Objectives: Risk stratification tools that predict healthcare utilisation are extensively integrated into primary care systems worldwide, forming a key component of anticipatory care pathways, where high-risk individuals are targeted by preventative interventions. Existing work broadly focuses on comparing model performance in retrospective cohorts with little attention paid to efficacy in reducing morbidity when deployed in different global contexts. We review the evidence supporting the use of such tools in real-world settings, from retrospective dataset performance to pathway evaluation.

Methods: A systematic search was undertaken to identify studies reporting the development, validation and deployment of models that predict healthcare utilisation in unselected primary care cohorts, comparable to their current real-world application.

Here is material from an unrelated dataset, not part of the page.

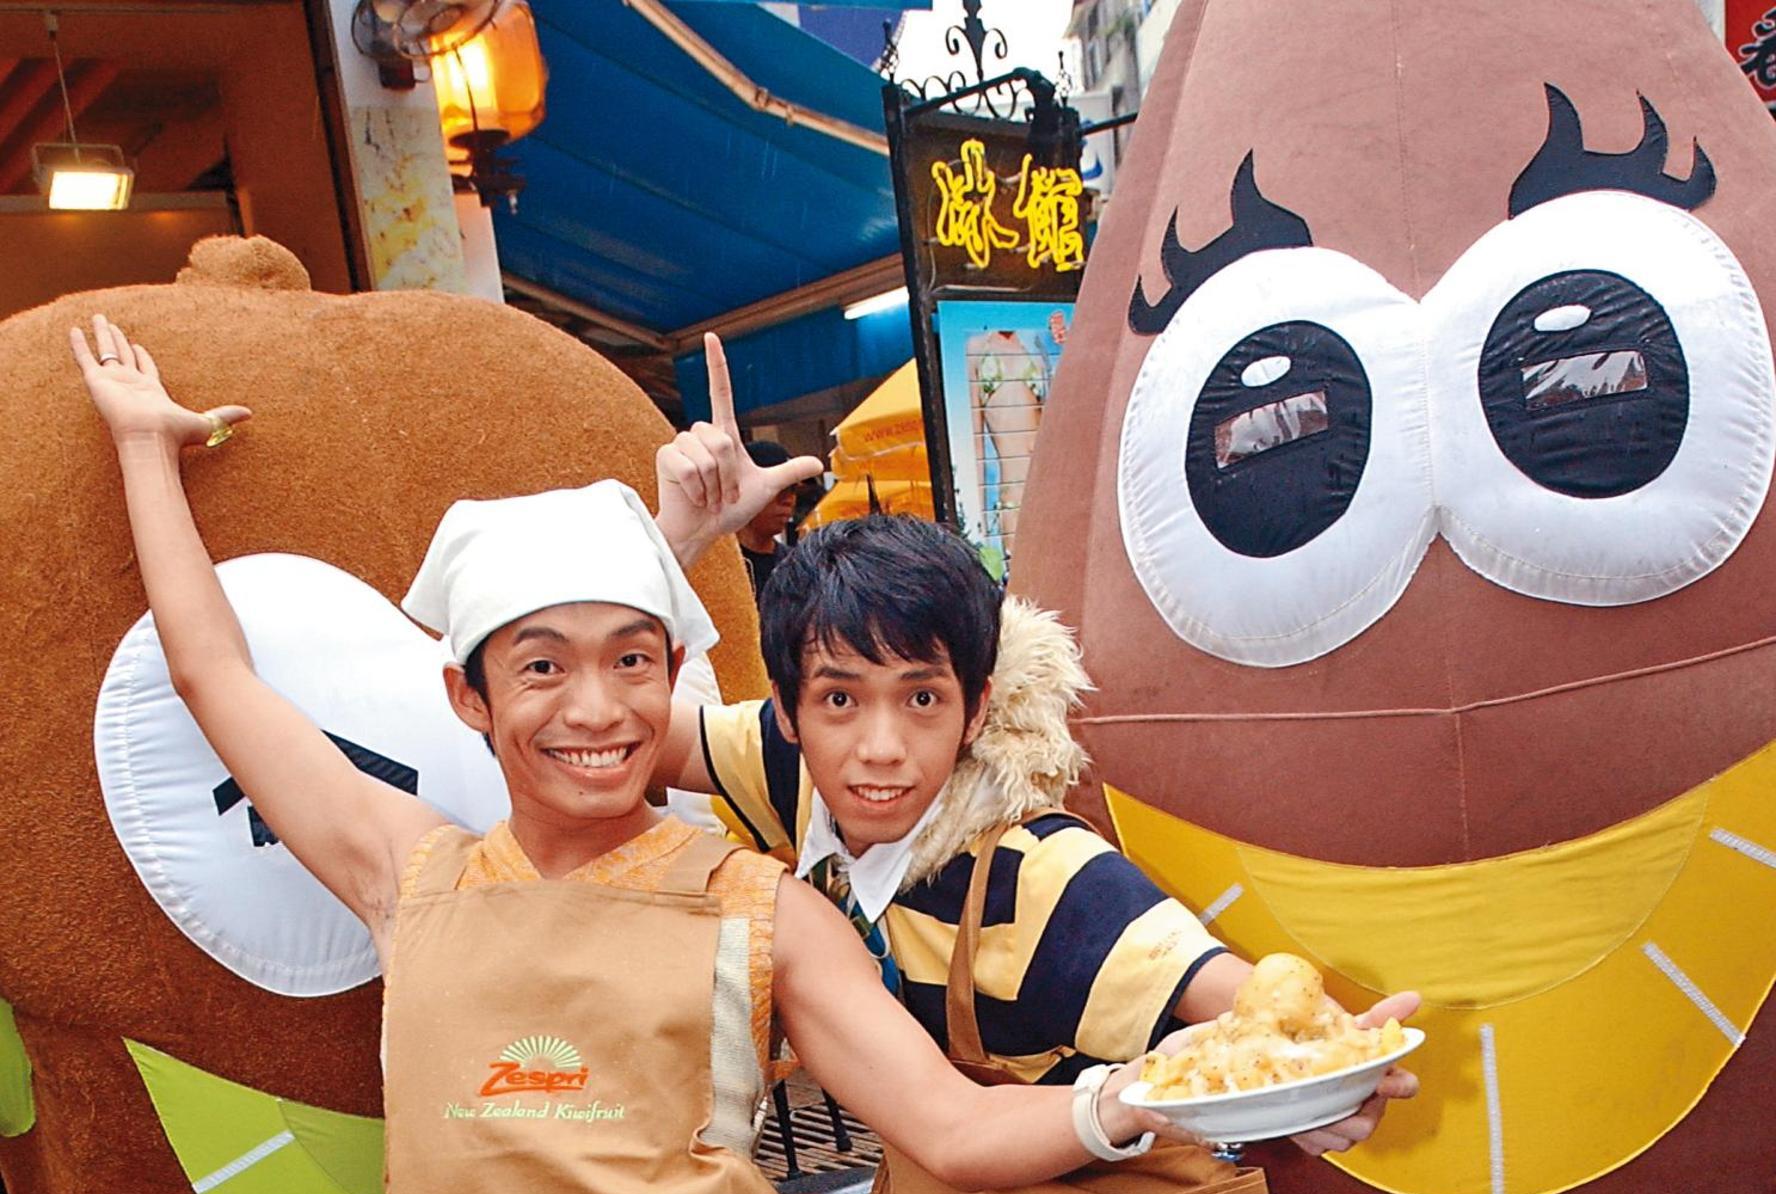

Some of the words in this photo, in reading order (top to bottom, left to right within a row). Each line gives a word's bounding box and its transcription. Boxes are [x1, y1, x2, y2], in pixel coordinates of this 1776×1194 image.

Results: Among 3897 articles screened, 51 studies were identified evaluating 28 risk prediction models. Half underwent external validation yet only two were validated internationally. No association between validation context and model discrimination was observed. The majority of real-world evaluation studies reported no change, or indeed significant increases, in healthcare utilisation within targeted groups, with only one-third of reports demonstrating some benefit.

Discussion: While model discrimination appears satisfactorily robust to application context there is little evidence to suggest that accurate identification of high-risk individuals can be reliably translated to improvements in service delivery or morbidity.

Conclusions: The evidence does not support further integration of care pathways with costly population-level interventions based on risk prediction in unselected primary care cohorts. There is an urgent need to independently appraise the safety, efficacy and cost-effectiveness of risk prediction systems that are already widely deployed within primary care.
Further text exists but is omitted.